Another cruciferous veggie, bok choy is an underrated type of Chinese cabbage that can help prevent the growth of cancerous cells. Not sure how to use this leafy green? Try sauteeing it with garlic and olive oil for a savory side. Not only will you reap its anti-cancer benefits, you’ll also prevent hair loss due to this veggie’s solid iron content.
Flaxseed has all kinds of amazing health benefits, including lowering blood pressure and cholesterol. Flaxseed is the richest source of lignans, a type of antioxidant. Although previous research found that flaxseed was shown to reduce the growth of tumors in rats, a 2005 study in the journal Clinical Cancer Research found that “dietary flaxseed as the potential to reduce tumor growth in patients with breast cancer.” Add flaxseeds to your smoothies, yogurt parfaits, or mix in your morning oatmeal.
These savory spears are more than just your average fiber-filled dinner side. A study published in the Indian Journal of Pharmacology found that asparagus induced antioxidant activity, which can possibly prevent cancer.

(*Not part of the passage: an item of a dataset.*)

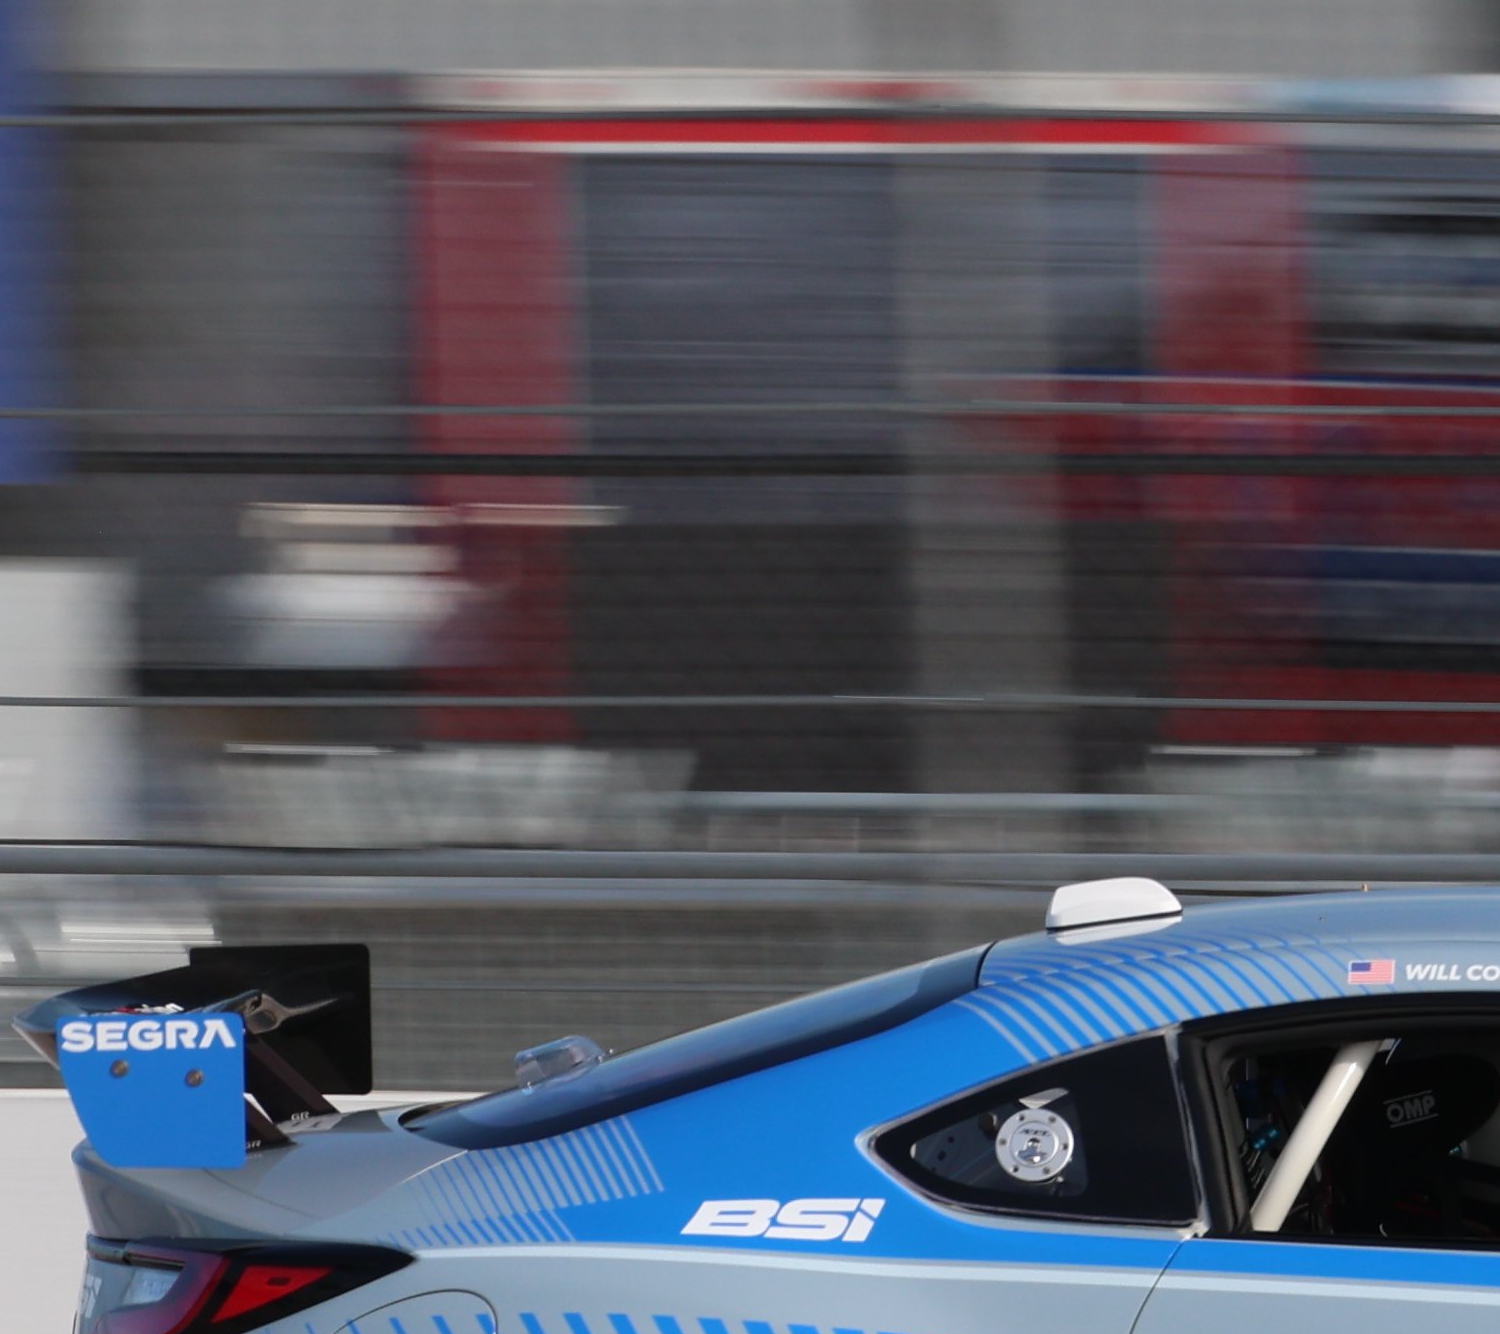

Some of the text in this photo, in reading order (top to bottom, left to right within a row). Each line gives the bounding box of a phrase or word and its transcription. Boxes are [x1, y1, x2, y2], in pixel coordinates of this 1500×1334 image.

[1406, 963, 1462, 981] WILL
[60, 1019, 237, 1053] SEGRA
[1385, 1094, 1436, 1124] OMP

As if you needed another reason to roast and pop them onto your salad!
We’re debunking the long-standing food myth that soy foods cause breast cancer. It stemmed from the fact that soy contains phytoestrogens, naturally occurring hormone-like compounds with weak estrogenic effects. Under lab settings, these compounds sometimes fuel cancers; however, human studies have not proved high-soy diets increase breast cancer risk. In fact, it’s quite the opposite, and experts speculate it has to do with the fact that soy isoflavones can actually block more potent natural estrogens in the blood.
A longitudinal study in The American Journal of Clinical Nutrition that followed nearly 10,000 breast cancer survivors found that women who ate the most soy had 15 percent lower rate of cancer recurrence and 15 percent decrease in mortality. The American Cancer Society’s dietary guidelines note that consumption of soy foods is not only safe but “may even lower breast cancer risk.” Other studies in the Journal of Clinical Oncology and American Journal of Epidemiology have also shown that increased soy consumption correlates to improved survival rates and decreased risk of lung cancer as well as a reduced risk of prostate cancer for men. Reap the benefits with fermented foods: miso paste, tempeh, natto, soy sauces, and fermented tofu.